As its second COVID-19 wave continues, India remains embattled by mucormycosis or ‘black fungus’ cases. Black fungus is a fungal infection which has exacerbated the bitter toll of the country’s COVID-19 crisis.
The Indira Gandhi Institute of Medical Sciences (IGIMS) in Bihar state capital Patna is a case in point. The Institute currently houses 101 individuals admitted due to black fungus as of Tuesday, with doctors on guard despite COVID-19 cases stabilising in the state. Of the 101 admitted as a consequence of mucormycosis, 86 recovered from COVID-19 infection.
Nationwide, 28 states and union territories have reported a cumulative total of as many as 28,252 cases of black fungus. Of these cases, 86 percent presented with a history of COVID-19 and 62.3 percent with a history of diabetes according to Union Minister of Health and Family Welfare Dr Harsh Vardhan. Gujarat and Maharashtra account for the most cases of black fungus, at 6,339 and 5,486 respectively.
The link between diabetes and black fungus is of concern, given India’s high burden of the former. As Health Issues India reported last year, “India is a country whose burden of diabetes is rising fast, due to a combination of lifestyle and socioeconomic factors as well as the population’s genetic predisposition towards the disease. In addition, as many as 60.5 percent of Indians fail to properly control their blood sugar – heightening the risk to their health.” We cited a survey from the previous year by the National Diabetes and Diabetic Retinopathy Survey conducted by the All India Institute of Medical Sciences’s Rajendra Prasad Centre for Ophthalmological Sciences, which found that “the overall prevalence of diabetes in the country is 11.8 percent, with men and women almost equally affected. Twelve percent of men are diabetic, compared to 11.7 percent of women.”
The connection between diabetes and black fungus is of note. The first evidence-based mucormycosis study in India showed that black fungus, whilst having come to prominence during the second wave, alarmed doctors during the first as they noted rising numbers of fungal infections. The study spanning sixteen centres across the country found a sharp increase in cases of mucormycosis in 2020, linked to the rise of COVID-19. As Dr Arunaloke Chakrabarti, a professor and head of the Department of Medical Microbiology at the Postgraduate Institute of Medical Education & Research in Chandigarh, explained, quoted by The Indian Express
“The prevalence of COVID Associated Mucormycosis (CAM) was 0.27 percent in patients managed in hospital wards, and 1.6 percent in patients managed in ICUs [intensive care units]. There was a 2.1-fold rise in mucormycosis cases during 2020 in India compared to the year 2019 and the research suggests that this increase is attributable to the COVID-19 pandemic.”

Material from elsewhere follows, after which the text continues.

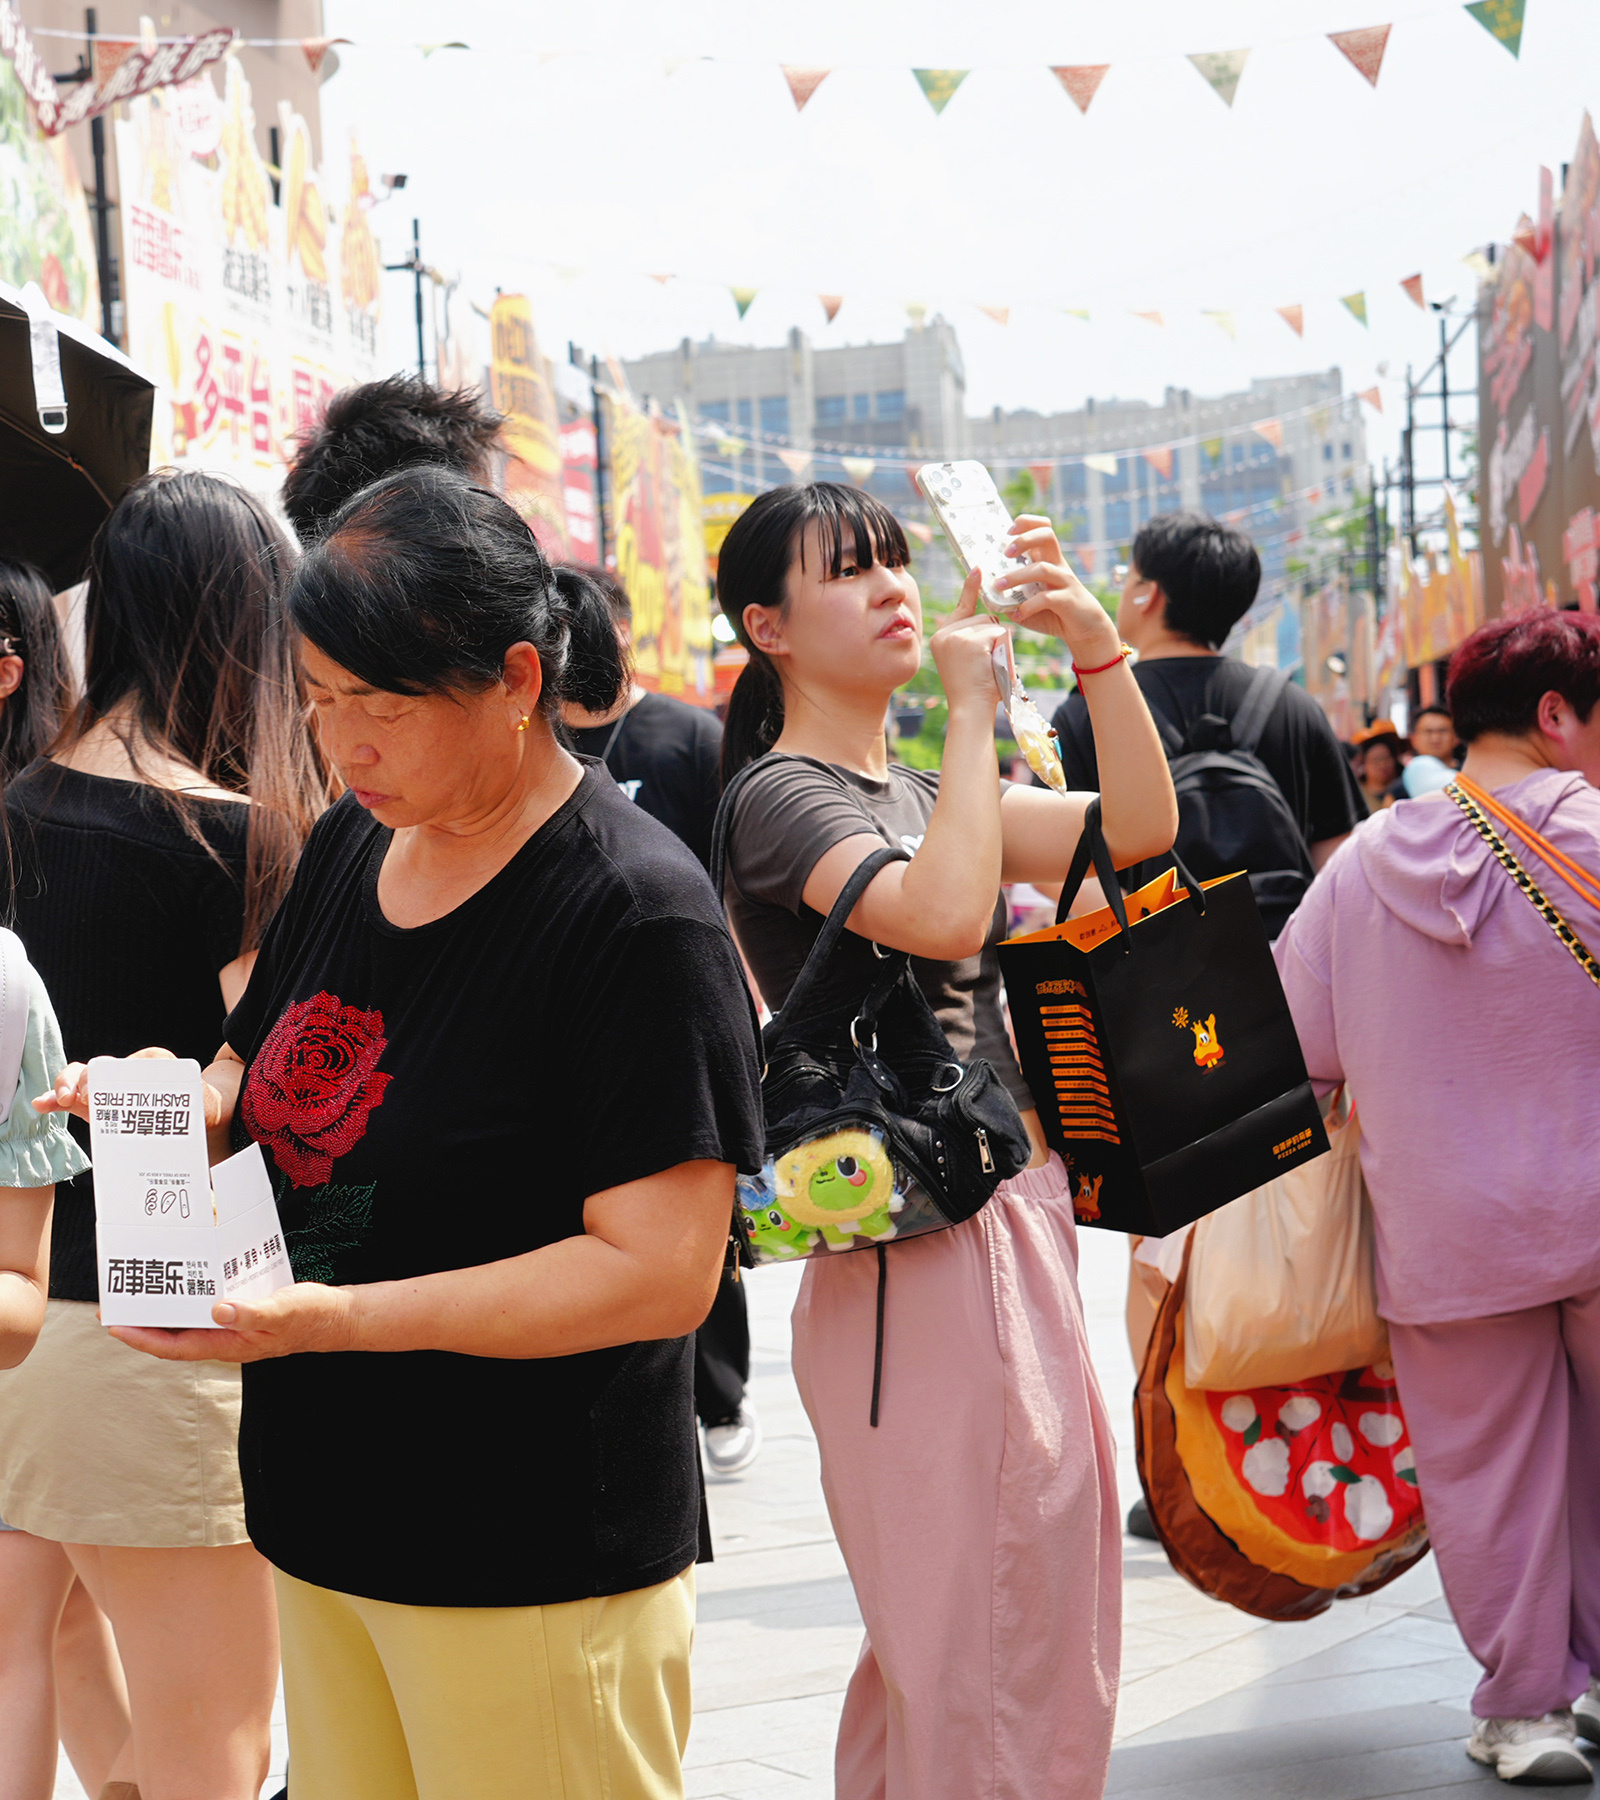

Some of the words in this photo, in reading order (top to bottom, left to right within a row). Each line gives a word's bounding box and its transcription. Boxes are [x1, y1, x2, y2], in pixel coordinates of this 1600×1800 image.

As The Indian Express reports, “it was seen that on an average CAM diagnosis was made eighteen days after COVID-19 infection. The most common sites of infection were found to be the nose with eye (in 58 percent [of] cases) followed by nose with eye and brain involvement (27 percent [of] cases) and then lung infection (nine percent [of] cases). It shows a considerable number of patients reported late to the hospital after the disease progressed to their brain.
“Besides facial pain, nasal blockage and discharge; toothache and loosening of teeth were seen in a high number of cases for the first time. On comparing cases of CAM with mucormycosis without COVID-19 (Non-CAM), it was observed that uncontrolled diabetes mellitus was the most common underlying disease in both groups.”
The findings underscore why we cannot afford to ignore other conditions even as we grapple with COVID-19, given the interplay between various health matters. Black fungus also highlights why we must tackle fungal infections as a whole, particularly those which are drug-resistant.